Gamma Knife radiosurgery (GKRS) is a commonly used procedure for medically refractory trigeminal neuralgia (TN), with repeat GKRS routinely done in cases of pain relapse. The results of a third GKRS in cases of further pain relapse have not been well described. In this study, the authors report the largest series of patients treated with a third GKRS for TN to date.
Retrospective review of institutional electronic medical records and a GKRS database was performed to identify patients who had been treated with a third GKRS at the authors’ institution in the period from 2010 to 2018. Telephone interviews were used to collect long-term follow-up data. Pain outcomes were measured using the Barrow Neurological Institute (BNI) pain intensity scale, with a score ≤ IIIb indicating successful treatment.

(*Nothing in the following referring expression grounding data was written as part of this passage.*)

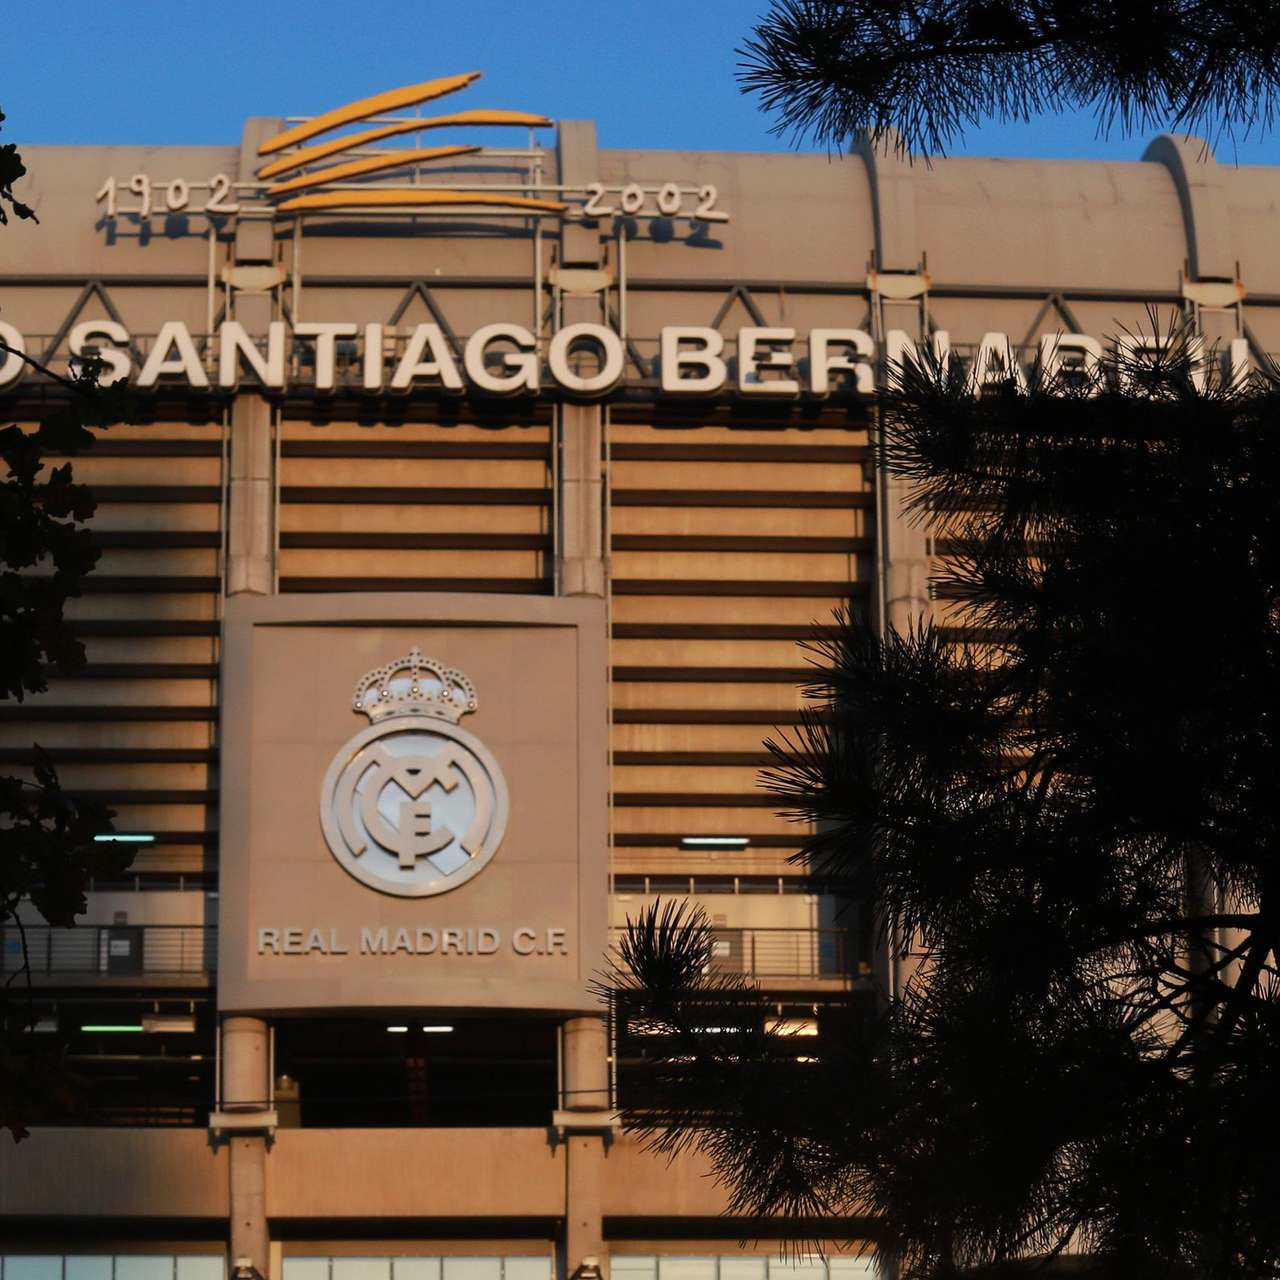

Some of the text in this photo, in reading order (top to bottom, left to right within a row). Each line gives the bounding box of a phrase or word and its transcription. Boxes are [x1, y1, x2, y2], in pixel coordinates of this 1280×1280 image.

[96, 174, 729, 223] 1902 2002
[67, 320, 622, 392] SANTIAGO
[257, 928, 349, 955] REAL
[360, 928, 501, 955] MADRID
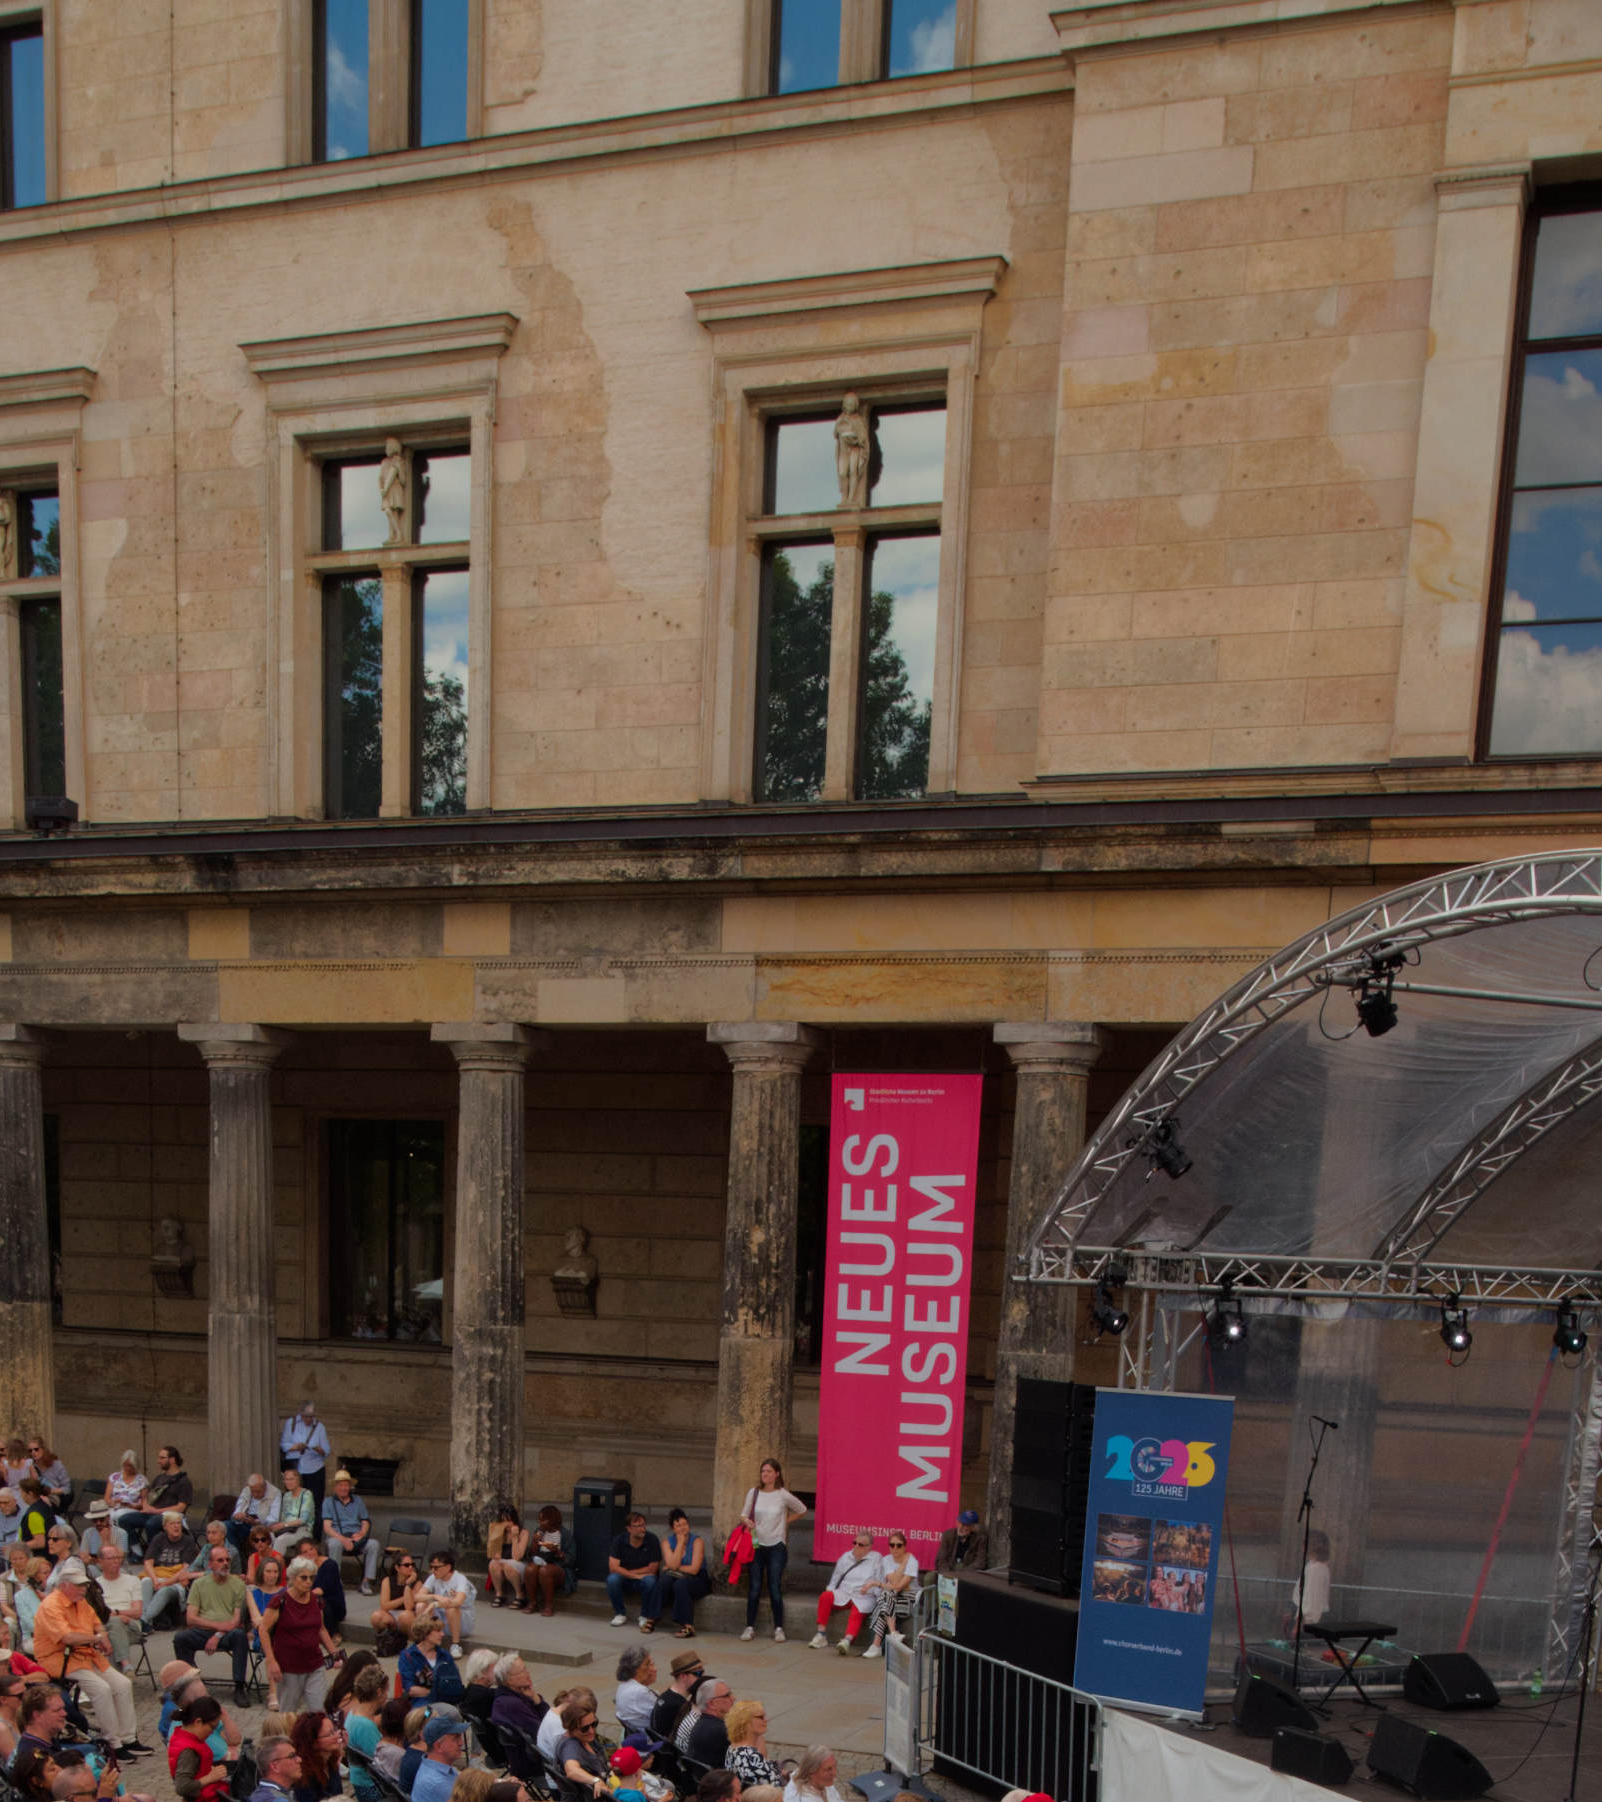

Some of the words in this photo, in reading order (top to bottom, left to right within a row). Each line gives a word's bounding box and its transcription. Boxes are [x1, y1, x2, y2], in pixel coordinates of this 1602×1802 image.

Twenty-two nerves in 21 patients had sufficient follow-up to determine BNI pain score outcomes. Eighteen of 22 cases had a successful third GKRS, with a median durability of pain relief of 3.88 years. There was no significant difference in the durability of pain relief after a third GKRS compared with those of institutional historical controls of prior series of first and second GKRS procedures. Ten cases had new or worsening facial numbness, with 1 case being bothersome. Four cases of toxicity other than facial numbness were reported, including 1 case of corneal abrasions and possible neurotrophic keratopathy. No cases of anesthesia dolorosa were reported. No factors predicting treatment success or the durability of pain relief were identified. Nonnumbness toxicity was more common in those with a proximally placed shot at the third GKRS.
A third GKRS is an effective treatment option for TN patients who have pain relapse after repeat GKRS. Pain outcomes of a third GKRS are similar to those following a first or second GKRS. Toxicity is tolerable in patients with a distally placed shot at the third GKRS.